Hugo Brehme: El paisaje romántico y su visión sobre lo mexicano.

Nacido en Alemania en el año 1882 y en 1906 Hugo Brehme llega a nuestro país. 
En la época en la que el se estableció por completo en México, la competencia que representaban fotógrafos como Guillermo Kahlo, Charles V. Waite, Alfred Briquet y José Agustín Casasola, ente otros; determinaron el estilo de Brehme siempre caracterizándolo por su tendencia romántica y de pictoralista. Dentro de sus primeras fotografías en el México, podemos destacar la de los paisajes y sobre todo  las realizadas al Popocatéptl. En estos trabajos podemos ver su tendencia hacia la fotografía paisajista, que conjuga tanto el sentido de la tradición romántica europea y por otro lado una visión hacia la realidad.
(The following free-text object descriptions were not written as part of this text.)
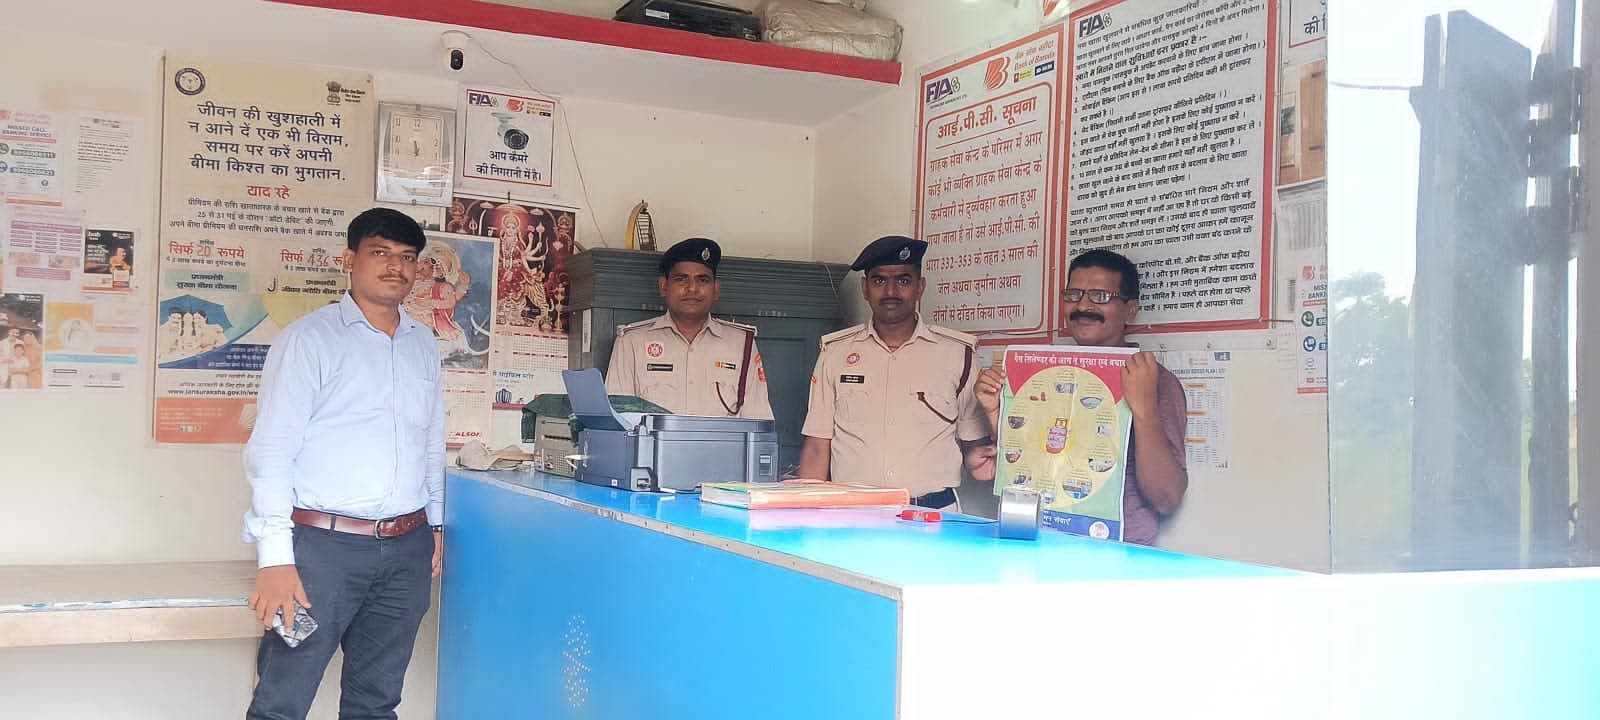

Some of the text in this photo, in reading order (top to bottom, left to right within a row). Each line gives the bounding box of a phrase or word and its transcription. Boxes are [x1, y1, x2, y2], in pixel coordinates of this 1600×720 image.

[1080, 14, 1105, 37] FIA
[1304, 16, 1320, 35] की
[468, 92, 492, 106] FIA
[926, 78, 954, 102] FIA
[197, 101, 341, 128] जीवन की खुशहाली में
[938, 104, 997, 138] आई.पी.सी.
[1002, 96, 1038, 126] सूचना
[188, 122, 199, 132] न
[205, 121, 234, 136] आने
[240, 122, 250, 138] दें
[256, 128, 280, 140] एक
[285, 127, 300, 142] भी
[204, 141, 332, 162] समय पर करें अपनी
[489, 150, 506, 160] आप
[930, 157, 948, 172] ग्राहक
[950, 150, 962, 168] सेवा
[965, 146, 980, 162] केन्द्र
[982, 140, 990, 158] के
[991, 138, 1013, 155] परिसर
[1024, 132, 1043, 147] अगर
[189, 154, 220, 172] बीमा
[226, 158, 264, 174] किश्त
[271, 164, 288, 176] का
[476, 163, 488, 174] की
[490, 164, 522, 178] निगरानी
[523, 167, 531, 180] में
[928, 154, 1042, 198] कोई भी व्यक्ति ग्राहक सेवा केन्द्र के
[246, 184, 290, 199] याद रहे
[930, 202, 956, 220] कर्मचारी
[958, 200, 964, 216] से
[998, 192, 1018, 208] करता
[1020, 188, 1037, 208] हुआ
[942, 230, 956, 244] जाता
[959, 224, 964, 244] है
[966, 222, 973, 240] तो
[975, 221, 986, 239] उसे
[1028, 211, 1040, 231] की
[168, 241, 194, 256] सिर्फ
[197, 245, 212, 256] 20
[280, 249, 303, 262] सिर्फ
[926, 240, 1038, 272] धारा 332-353 के तहत 3 साल की
[937, 273, 1022, 296] जेल अथवा जुर्माना अथवा
[933, 305, 946, 323] दोनों
[958, 303, 975, 321] दंडित
[977, 303, 995, 320] किया
Más tarde y como al resto de los fotógrafos del país, Brehme incursionó en el fotoperiodismo, al estar presente en uno de los actos bélicos más fotografiados de la historia, como fue la revolución Mexicana. En aquellos años tuvo la oportunidad de fotografiar a cientos de zapatistas, e incluso, se cree que el mejor Emiliano Zapata del que los hermanos Casasola y su archivo tienen posesión, es una fotografía lograda por el propio Brehme y a la que algunos no sé la reconocen. 
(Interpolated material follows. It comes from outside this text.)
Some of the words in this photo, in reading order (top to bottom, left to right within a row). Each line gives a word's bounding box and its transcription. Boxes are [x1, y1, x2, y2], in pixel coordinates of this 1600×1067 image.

En 1920, reunió lo mejor de su repertorio de imágenes y mas tarde, publicó México Pintoresco. Este trabajo incluye 197 fotografías impresas, en las que destacan sus paisajes, retratos y fotografías de arquitectura. La inclusión de sus trabajos en revistas mexicanas como Helios y Revista de Revista, o publicaciones extranjeras como Mexican Life y National Geographic lo proyectan en nueva dimensión hacia el exterior, por el sentido profundamente pictoralista y sublime de sus imágenes sobre lo mexicano. 

Brehme, popularizó tanto la fotografía y su nombre en el país, que la crítica actual coincide en señalarlo como el máximo exponente del pictoralismo mexicano. Brehme representa a la última generación de viajeros, litógrafos y fotógrafos extranjeros que recorrieron la geografía del país, animados por el espíritu romántico de conocer y registrar al otro en sus múltiples expresiones culturales. Pero también representa un referente en la transición de la fotografía moderna del siglo XX, donde la práctica fotográfica vio modificados sus sistemas de acción y de representación. 
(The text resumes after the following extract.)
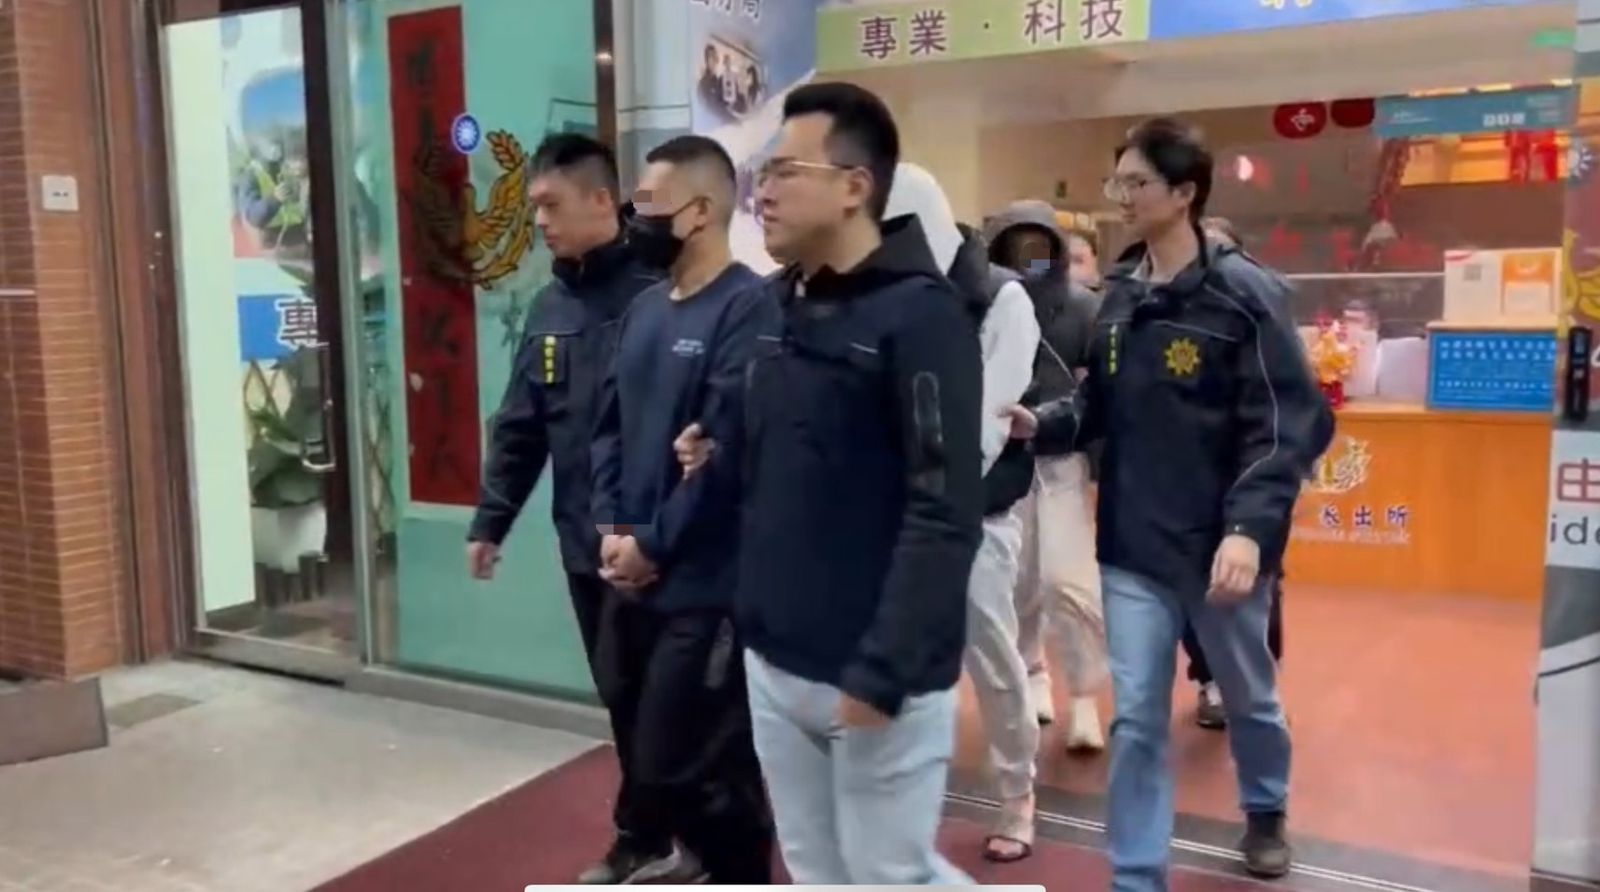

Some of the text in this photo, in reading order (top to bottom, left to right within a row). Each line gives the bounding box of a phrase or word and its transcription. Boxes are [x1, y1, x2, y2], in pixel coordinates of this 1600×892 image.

[860, 9, 947, 59] 專業
[1023, 0, 1123, 45] 科技
[1550, 514, 1600, 545] id
La mexicanidad de Hugo Brehme contribuyó en parte a la cultura nacional, creando influencia tanto en las escuelas al aire libre; como en el muralismo encabezado por José Clemente Orozco, Diego Rivera y David Alfaro Siqueiros en los años veinte; o algunos años después en Leopoldo Méndez y Pablo O Higgins, quienes en sus trabajos popularizan muchos iconos brehemeanos.  Por todo ello, no resulta extraño identificar también influencias pictorailistas y nacionalistas de Brehme en la obra de fotógrafos modernos como: Tina Modotti, Manuel y Lola Alvarez Bravo, Gabriel Figueroa y Juan Rulfo. La visualizad de lo mexicano difícilmente puede concebirse sin las aportaciones y testimonios fotográficos dejados por Brehme, cuya obra fue en parte punto transitorio de la “nueva visión” que permitió el arribo de la fotografía moderna.